Task item: Except for the images, repeat the entries below word for word.

The data:
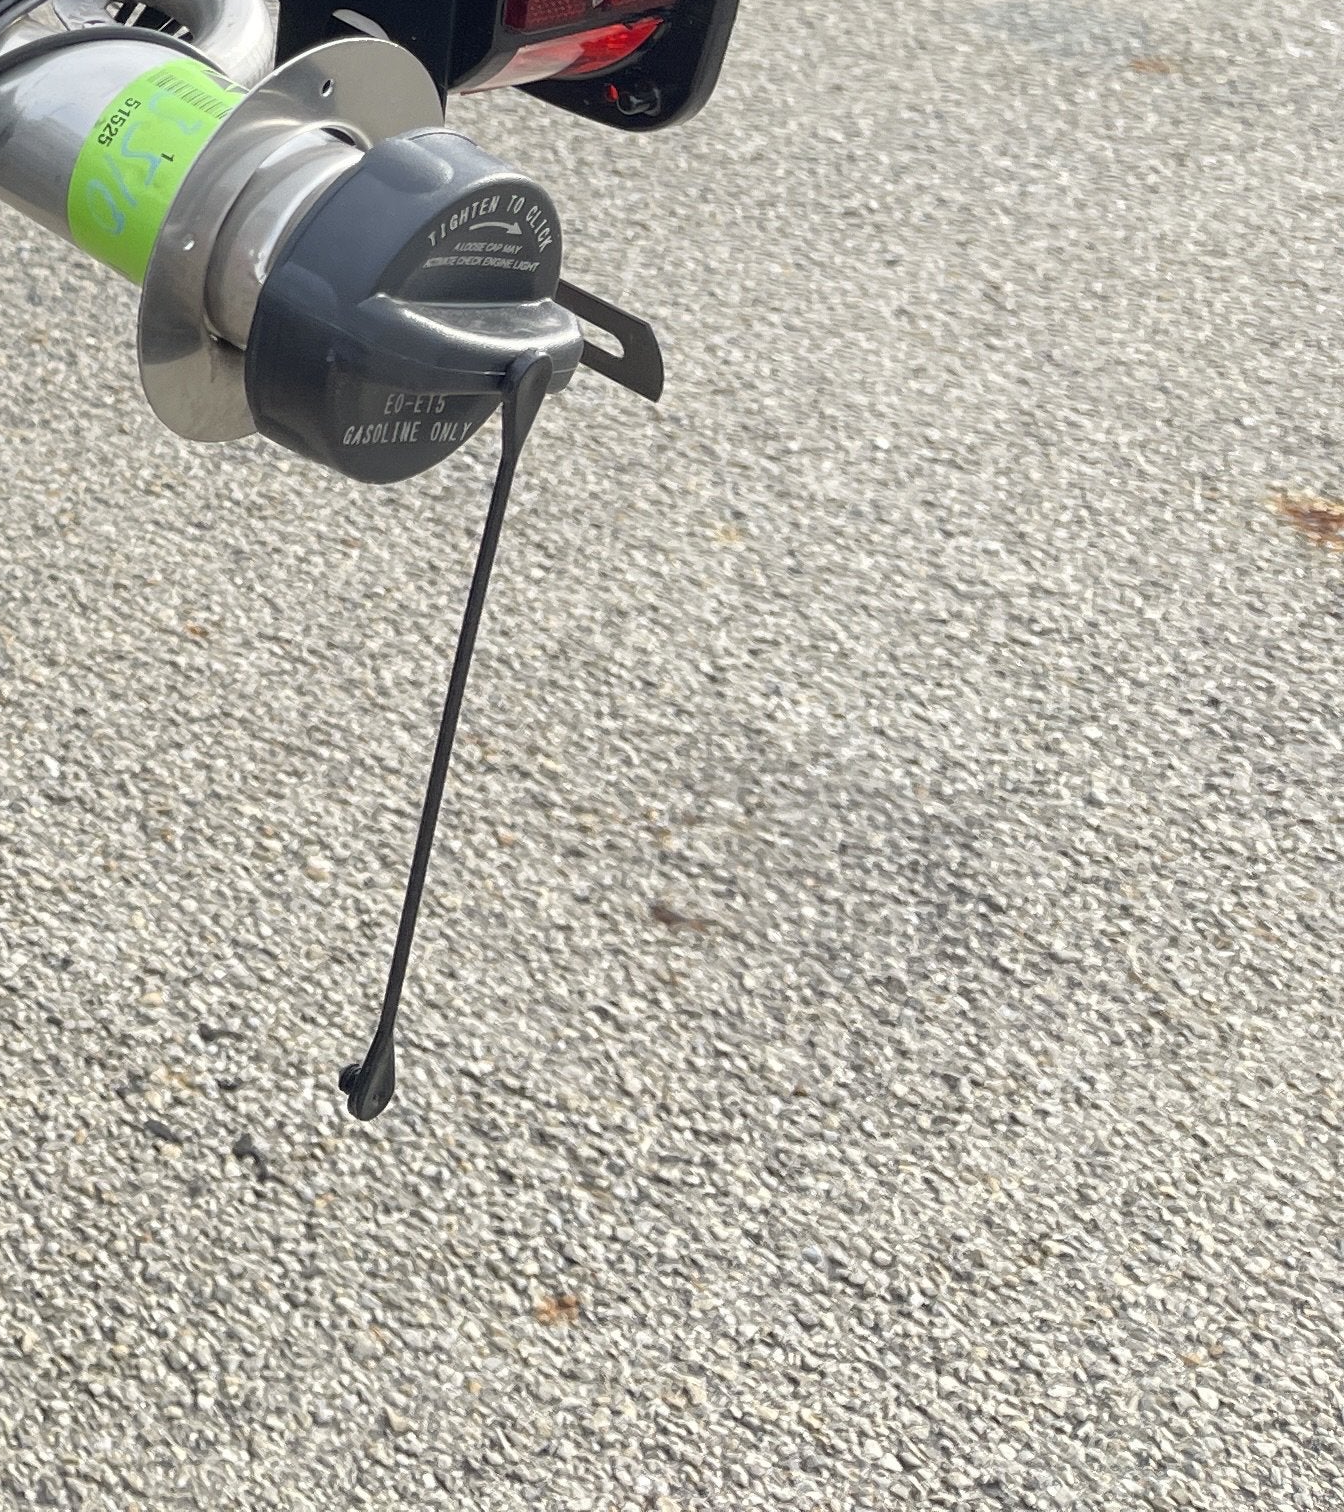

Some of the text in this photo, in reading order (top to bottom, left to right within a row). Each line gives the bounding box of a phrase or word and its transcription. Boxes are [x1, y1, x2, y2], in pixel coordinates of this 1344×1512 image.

[97, 97, 142, 147] 51525
[428, 194, 553, 253] TIGHTEN TO CLICK
[486, 243, 503, 252] CAP
[503, 244, 523, 255] MAY
[482, 257, 515, 269] ENGINE
[513, 260, 540, 273] LIGHT
[343, 421, 473, 446] GASOLINE ONLY

Solution for this problem:
Some of the text in this photo, in reading order (top to bottom, left to right within a row). Each line gives the bounding box of a phrase or word and its transcription. Boxes are [x1, y1, x2, y2], in pixel coordinates of this 1344×1512 image.

[97, 97, 142, 147] 51525
[428, 194, 553, 253] TIGHTEN TO CLICK
[486, 243, 503, 252] CAP
[503, 244, 523, 255] MAY
[482, 257, 515, 269] ENGINE
[513, 260, 540, 273] LIGHT
[343, 421, 473, 446] GASOLINE ONLY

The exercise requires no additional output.